Women and PR – A Perfect Combination

Women in PR

In 2014, women made up 63% of the specialists in PR from what the Bureau of Labor Statistics reported. 59% of PR management professionals are women, and those statistics may be low according to other reporting agencies, which say that the overall percentage of women in PR jobs could be as high as 85%. Add that to several CEO, Chairman, and founder spots being filled by women, even in some of the largest PR firms and holding companies, and it seems clear that women are just a great fit for the industry.

But it’s not all roses in the slots for those running the agencies. Lots of executive-level jobs are filled by women, but not as many in the top positions at the large firms. But that may prove to be to the detriment of those large firms because having hit that glass ceiling, many women choose to then go out on their own and start up competing agencies, taking their knowledge and sometimes other top women with them.

One reason many women may flock to PR jobs is that there are more of them available in a market hungry for more. Even better than that, on average a female PR specialist makes nearly $20K more a year than most women make in jobs of a similar level.
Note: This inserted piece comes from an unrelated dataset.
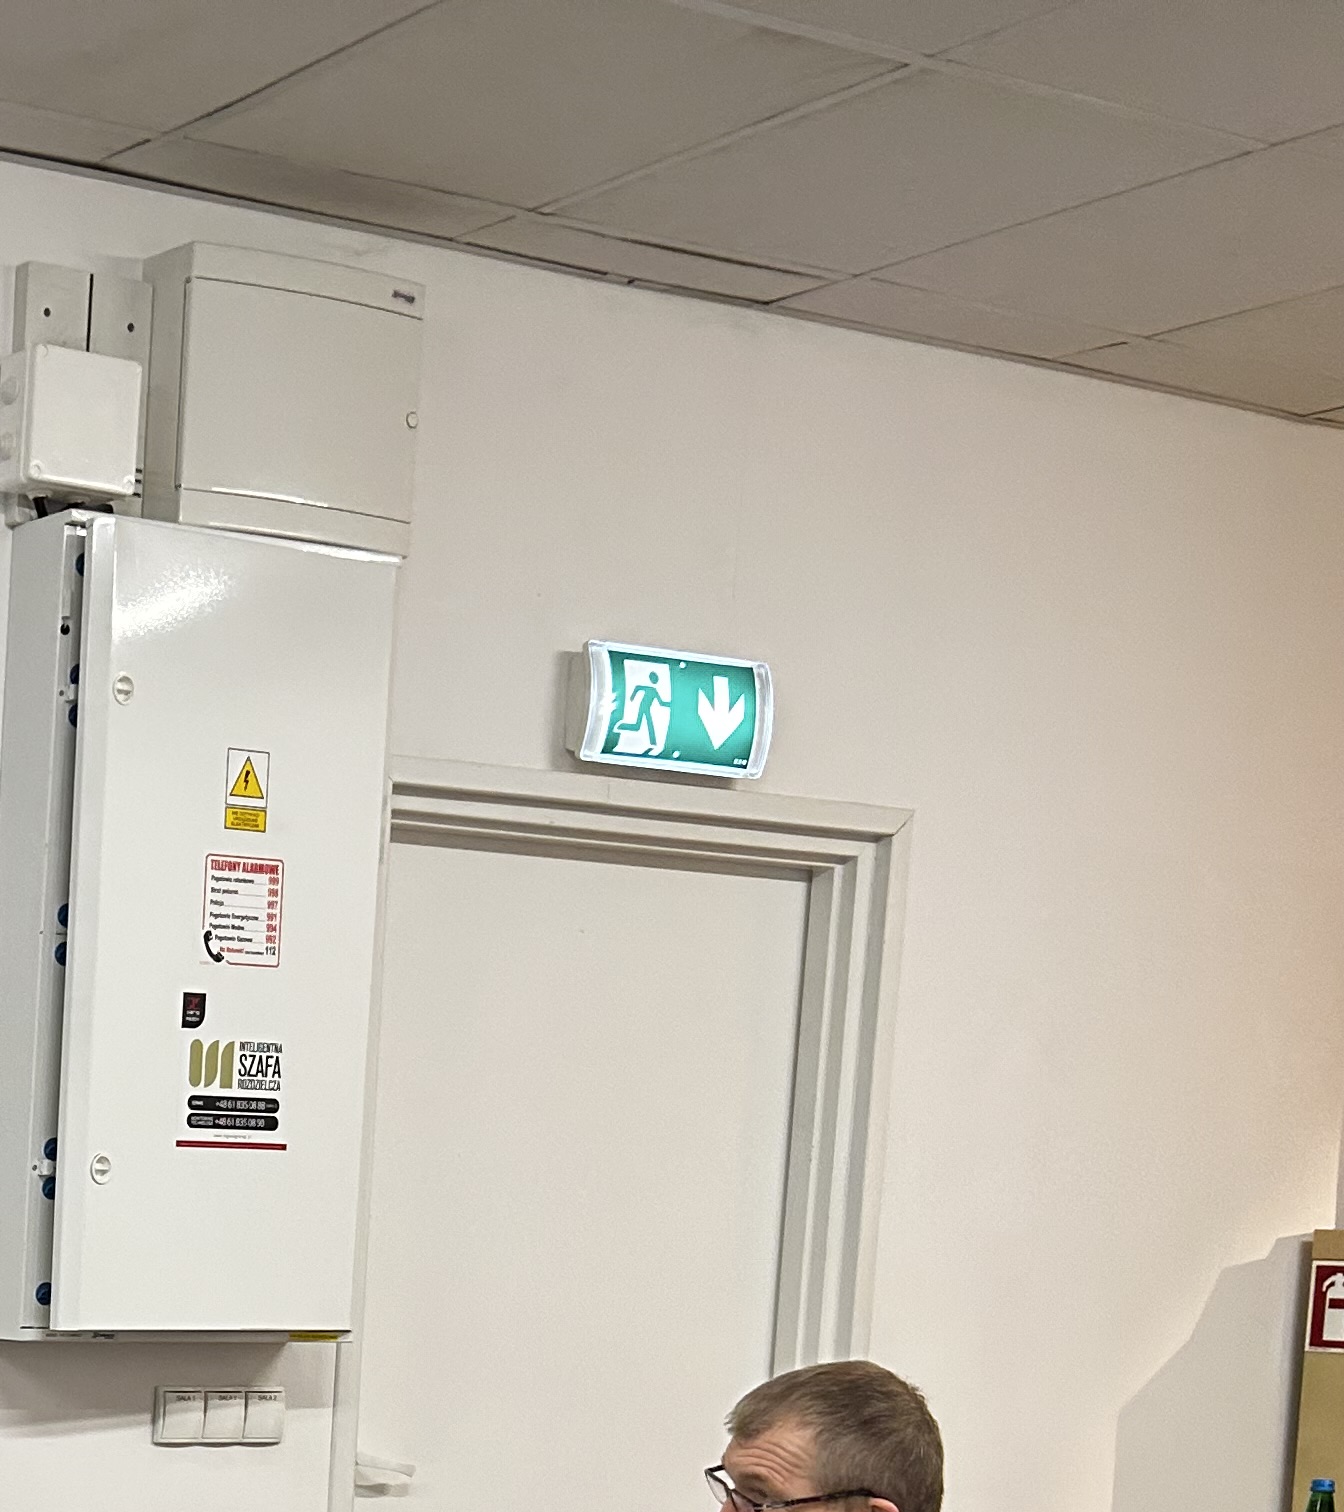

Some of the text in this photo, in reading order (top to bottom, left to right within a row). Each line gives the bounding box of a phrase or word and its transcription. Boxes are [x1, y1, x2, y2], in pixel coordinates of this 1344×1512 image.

It’s still nearly $20K less than what men make in the field, but it’s a big step up in pay.

What Makes Women So Good at PR?

It probably isn’t about the writing and editing side of things since those in the journalism field are split almost evenly between men and women, but there’s no denying that writing is a big part of PR efforts.

Of course, some say that women do so well in PR because they are usually better listeners and communicators than men. They are generally more social as well, but if it were just those abilities, the percentages would also be higher in other fields such as journalism. It might be that women have spent a lifetime learning how to set ego aside more to chase their dreams under the radar. And another factor could be that women are more likely to start in the bottom-rung jobs and work their way up the career ladder. In that process, they learn more about how everything works, who makes things happen, and how to form connections with those who move work forward faster.

Positivity and Creativity

PR offers a lot of opportunities to present information in a positive light. Many women like that aspect. Spending working hours looking for how to tell people about the great things a product or service can do for them means not going home angry and upset all the time. That coupled with the chance to get creative at work could translate to the ideal situation for many women. Women often multi-task better than men, so thinking about more than one client or campaign and planning what message to send, all while putting together a story to submit to media sources for a non-profit … well, that could be exactly what a woman wants to do in her working hours.

What do you think? If you are a woman working in PR, what makes your work the perfect fit for you?